Dan Bartlett spotted some GLScene source code in FireMonkey, see this thread in the Embarcadero forum for details, parts of the VectorGeometry.pas, Spline.pas and raycasting code have been identified. The code having been incorporated in closed-source code (KSDev’s, Delphi XE2) it hadn’t been spotted or reported so far (at least to my knowledge).
edit: snippet posted in the comments, < & > lost, but you’ll get the idea.
edit 2: I’ve been contacted by Embarcadero, the code is being looked into, rewritten/replaced to get out of MPL where needs be, and everything should come to a happy conclusion.
FWIW, neither Embarcadero nor KSDev have made any closed-source or special non-MPL agreement with the original authors, so technically speaking, they’re in breach of license.
For the parts mentioned above, the original authors would be mostly me, Mike Lischke, and whoever you can see mentioned in the Sourceforge CVS/SVN log at the date the code was copied, so they’re not in the big trouble they would be if they had ended up using Oracle’s code or Apple’s drawings
all distributed copies must contain the source code, all modifications must be described in accompanying documentation, all necessary patents must be described in accompanying documentation, all copies of the code must have a statement of copyright attached, and all modified code must be distributed under MPL, although new files containing new code need not be distributed under MPL.

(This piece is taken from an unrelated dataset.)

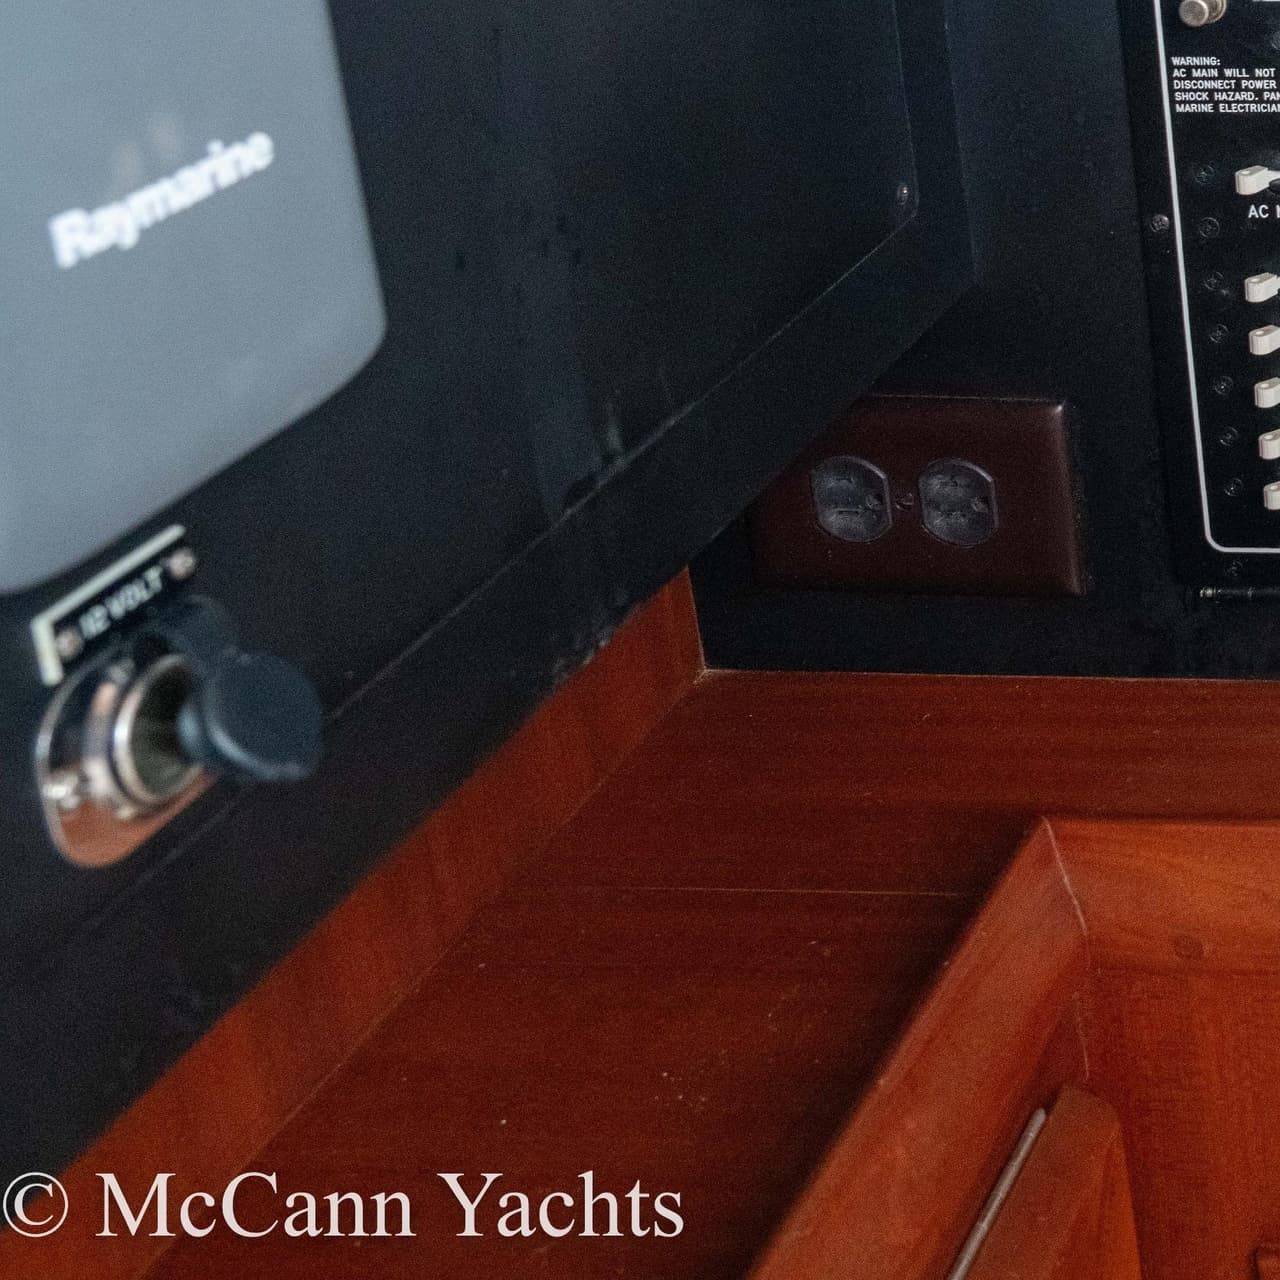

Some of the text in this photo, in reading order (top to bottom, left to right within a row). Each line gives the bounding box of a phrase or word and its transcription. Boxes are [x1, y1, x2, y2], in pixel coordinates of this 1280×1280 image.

The way in which the Mozilla Public License is drafted basically requires subsequent users to license the original code under MPL and all additional code under any kind of license
Meaning in short that all compiled FireMonkey applications should have a copyright statement about GLScene (in the about box f.i.), and if you modify FireMonkey source files yourself, depending on what you modify, you could fall under MPL and you would have to publish those modifications.
KSDev applications released in the wild should also have that copyright statement added, btw.
Note that you don’t have to physically include the MPL source code with the binaries, as long as you provide a link to a website hosting the code (in this case GLScene.org or the SourceForge page).